Eppure, per quanto la cosa mi angusti, più volte in questi giorni mi è capitato di pensare come, attraverso quel sottile vetro, per la prima volta stia vedendo la realtà. In quanto esseri fatti di carne e sangue, la nostra vita è un immenso collage di emozioni. Noi viviamo attraverso le nostre percezioni, le quali si tramutano in qualcosa di più alto e astratto, come appunto le emozioni e i sentimenti. Gioiamo e piangiamo. Ridiamo e imprechiamo. Esultiamo e ci disperiamo. A volte non ne sappiamo nemmeno il reale motivo. A volte basta un ricordo, per quanto lontano e sfocato, a scatenarci un turbinio interiore. E per quanto tale possa essere stupendo o doloroso, emozionante o pauroso, dentro di noi sappiamo che saremmo disposti a tutto, pur di non farcelo portare via. Perché è un po’ quella certezza che ci conferma che siamo vivi, che esistiamo, che viviamo. Realtà è infatti un termine, a mio modo di vedere, forse un po’ troppo sopravvalutato. Possiamo illuderci quanto vogliamo che ne esista solo una, concreta e oggettiva. Eppure in alcuni momenti, quando siamo soli, isolati, questa certezza va in frantumi e ci accorgiamo come, in verità, la realtà sia ciò che i nostri occhi, le nostre orecchie, forse le nostre stesse emozioni vogliono farci vedere come tale. 

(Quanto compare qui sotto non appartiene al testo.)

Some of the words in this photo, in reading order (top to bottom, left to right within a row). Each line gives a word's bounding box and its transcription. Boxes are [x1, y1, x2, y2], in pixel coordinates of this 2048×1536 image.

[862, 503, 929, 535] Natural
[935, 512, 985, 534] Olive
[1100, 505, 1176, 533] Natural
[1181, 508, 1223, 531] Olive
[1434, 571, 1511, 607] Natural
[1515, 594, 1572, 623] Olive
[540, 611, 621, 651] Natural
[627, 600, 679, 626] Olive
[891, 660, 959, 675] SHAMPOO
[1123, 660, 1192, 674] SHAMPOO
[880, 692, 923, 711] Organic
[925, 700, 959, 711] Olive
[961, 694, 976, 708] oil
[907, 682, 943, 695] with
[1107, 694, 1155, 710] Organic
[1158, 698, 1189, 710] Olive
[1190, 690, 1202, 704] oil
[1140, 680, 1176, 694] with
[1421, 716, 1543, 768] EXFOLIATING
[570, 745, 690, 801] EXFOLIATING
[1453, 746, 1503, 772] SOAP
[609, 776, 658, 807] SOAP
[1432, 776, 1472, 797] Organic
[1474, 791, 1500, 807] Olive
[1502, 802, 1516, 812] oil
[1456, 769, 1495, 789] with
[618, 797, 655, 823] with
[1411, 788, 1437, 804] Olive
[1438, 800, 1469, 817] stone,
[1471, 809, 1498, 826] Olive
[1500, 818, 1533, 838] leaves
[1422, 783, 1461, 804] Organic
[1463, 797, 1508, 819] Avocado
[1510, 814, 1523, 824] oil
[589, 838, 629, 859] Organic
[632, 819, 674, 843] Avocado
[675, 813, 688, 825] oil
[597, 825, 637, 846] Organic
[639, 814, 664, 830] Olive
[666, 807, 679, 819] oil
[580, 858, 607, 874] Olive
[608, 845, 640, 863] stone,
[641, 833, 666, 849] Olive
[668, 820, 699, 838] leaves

Attraverso quella finestra c’è spesso silenzio.
Passano intere ore tra un passante e l’altro, tra un auto e quella successiva. Ma per quanto ciò mi possa apparire surreale, fasullo, più i giorni passano più mi sembra di vedere per la prima volta il mondo, quello vero. Attraverso quella finestra infatti non si percepisce più quel rumore di fondo, non fatto solo di suoni, ma anche di immagini e pensieri che per molto tempo, probabilmente troppo, ci hanno illuso. Illuso perché, soporiferi, hanno reso dormiente la nostra capacità di andare oltre le apparenze, di vedere al di là di molti concetti precostituiti che ci vengono insegnati da bambini, ma anche nell’età adulta. 

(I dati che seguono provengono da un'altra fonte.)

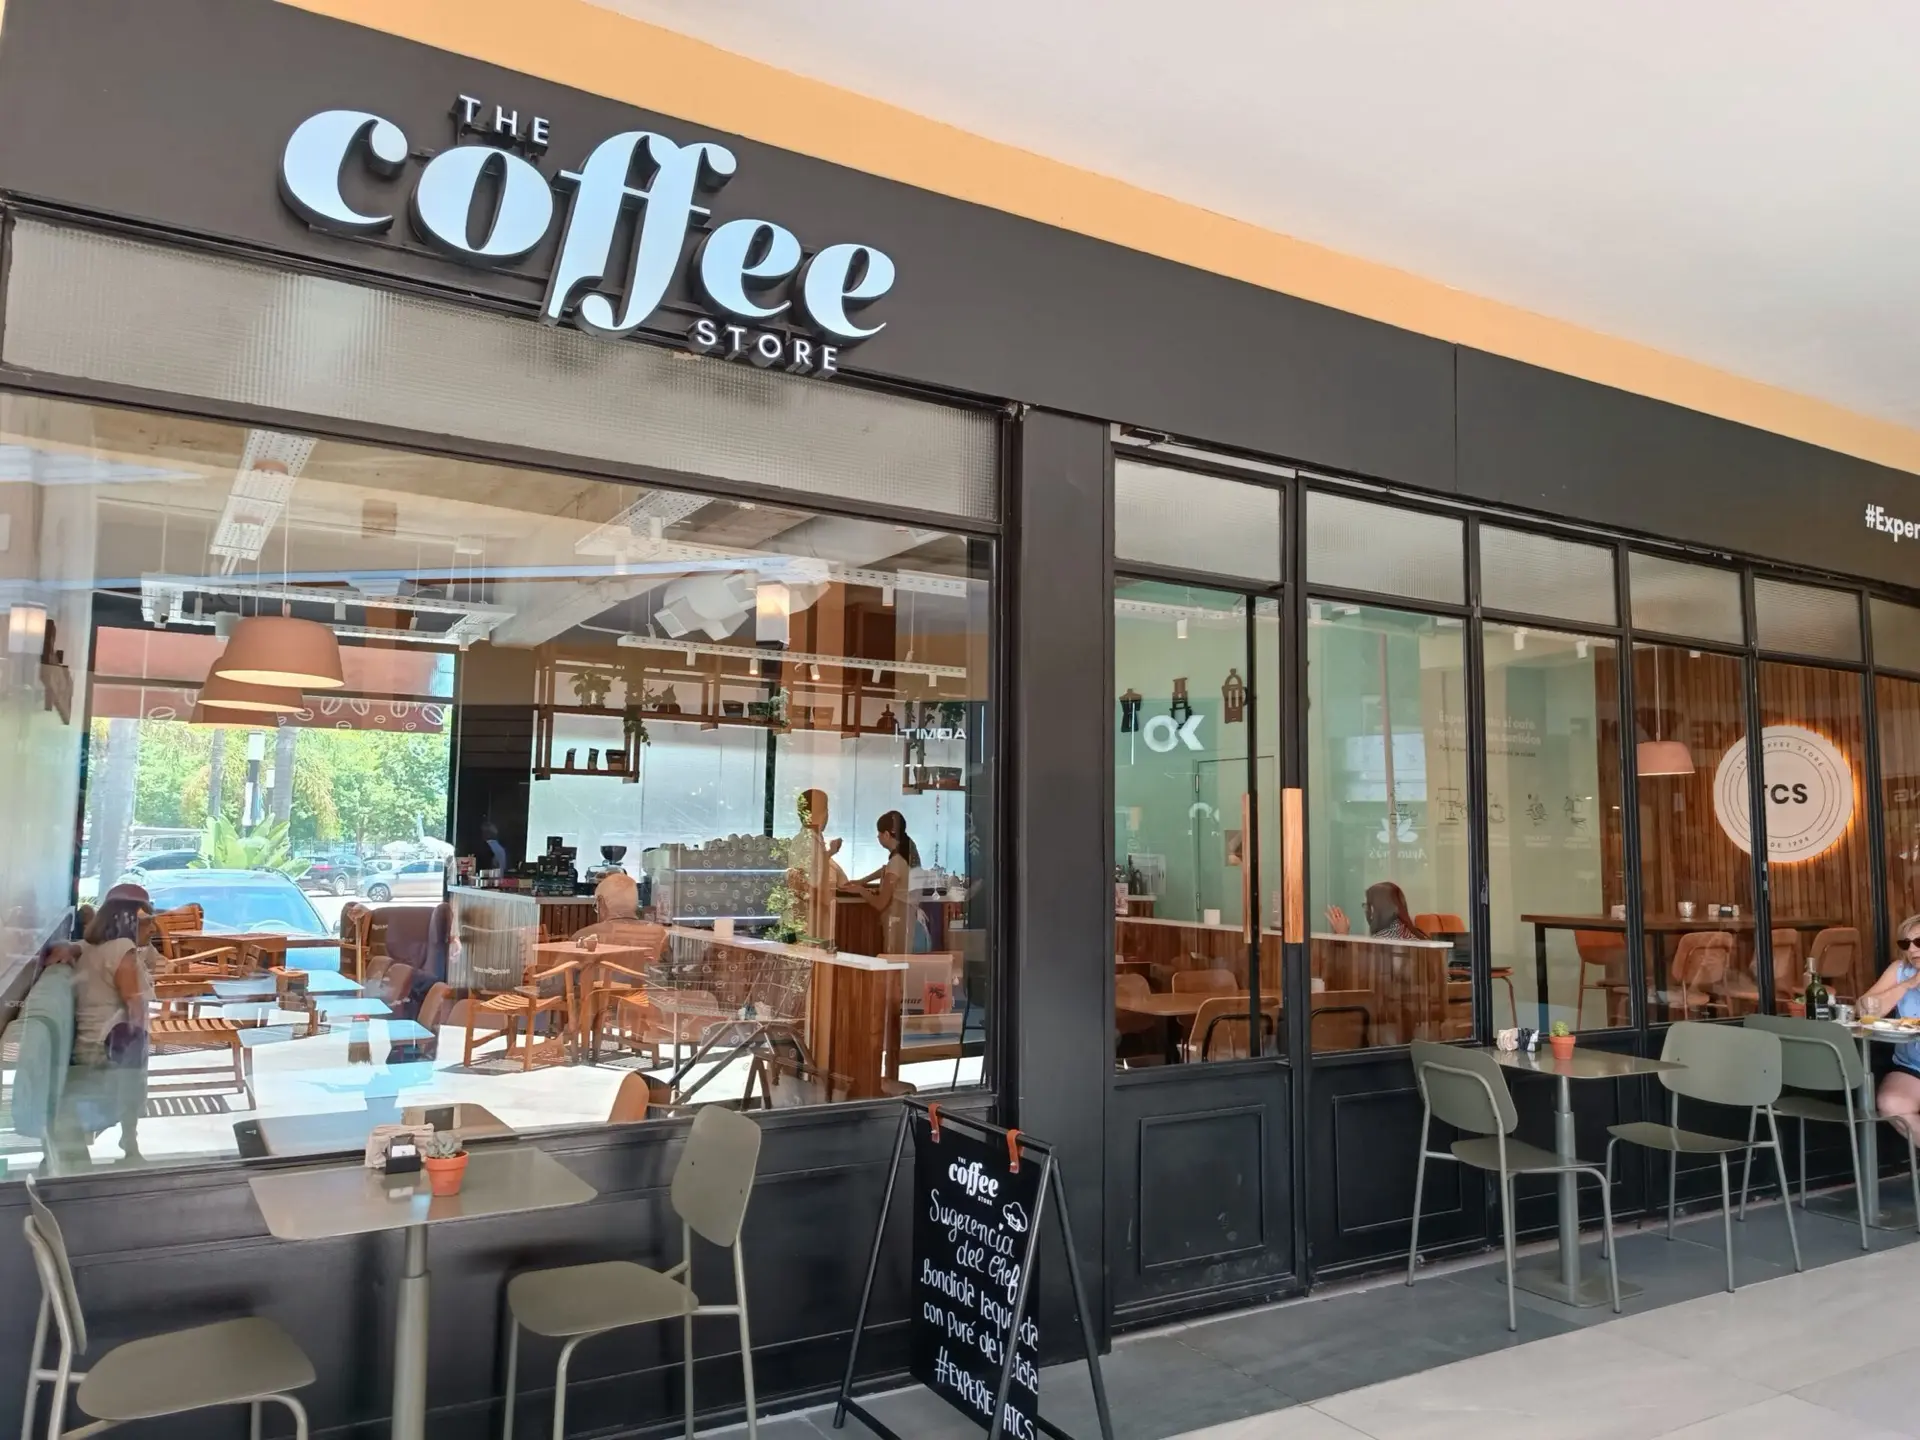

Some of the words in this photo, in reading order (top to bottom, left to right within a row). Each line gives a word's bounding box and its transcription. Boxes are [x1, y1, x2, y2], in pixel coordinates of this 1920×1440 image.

[459, 94, 549, 145] THE
[282, 109, 897, 337] coffee
[697, 319, 838, 371] STORE
[1865, 503, 1920, 542] #Exper
[948, 1161, 999, 1198] coffee
[929, 1188, 1015, 1258] Sugerencia
[956, 1240, 985, 1273] del
[923, 1301, 944, 1326] con
[979, 1330, 997, 1364] de
[980, 1290, 1038, 1351] laquda

Umberto Galimberti, psicoterapeuta e filosofo che seguo sempre, spesso ripete una cosa molto importante. Siamo educati al rispetto delle norme, alle regole dell’etichetta e della moda, ma sempre più spesso ci dimentichiamo di educare, ed educarci, alle due cose più importanti: l’emozione e il sentimento. Perché se è vero che questi sono i veri codici attraverso cui leggiamo e interpretiamo la realtà, senza di essi perdiamo ogni cosa. Nella vita “normale” di qualche settimana fa che cosa era infatti “importante”? Era importante essere sempre al meglio, essere alla moda, mostrare ciò che per la società contava più di tutto, che lo spread fosse basso, che la borsa volasse, che il “mio” orticello fosse florido, di quello degli altri poco importava. Ma per quanto queste cose fossero importanti, necessarie addirittura, si sono dissolte come neve al sole non appena l’emergenza ci ha colpiti. È bastato relegarci dietro quattro mura, a mettere il nostro naso dietro quella finestra, che qualcosa è cambiato. Abbiamo cominciato a provare paura. Paura per noi stessi, per i nostri cari, per il futuro che forse non sarà mai come il passato. Ecco la paura è forse quell’emozione che tutti impariamo, nostro malgrado, da subito. È il sentimento che ci accompagna al momento della nascita, quando nell’ignoto veniamo immersi dopo nove mesi di una “certezza” ovattata. La cosa bella è che quella paura però finisce presto. Finisce quando incontriamo gli occhi della mamma. Anche se non siamo ancora in grado di vederli bene, qualcosa dentro di noi ci dice che sono fonte di sicurezza, di amore e di calore.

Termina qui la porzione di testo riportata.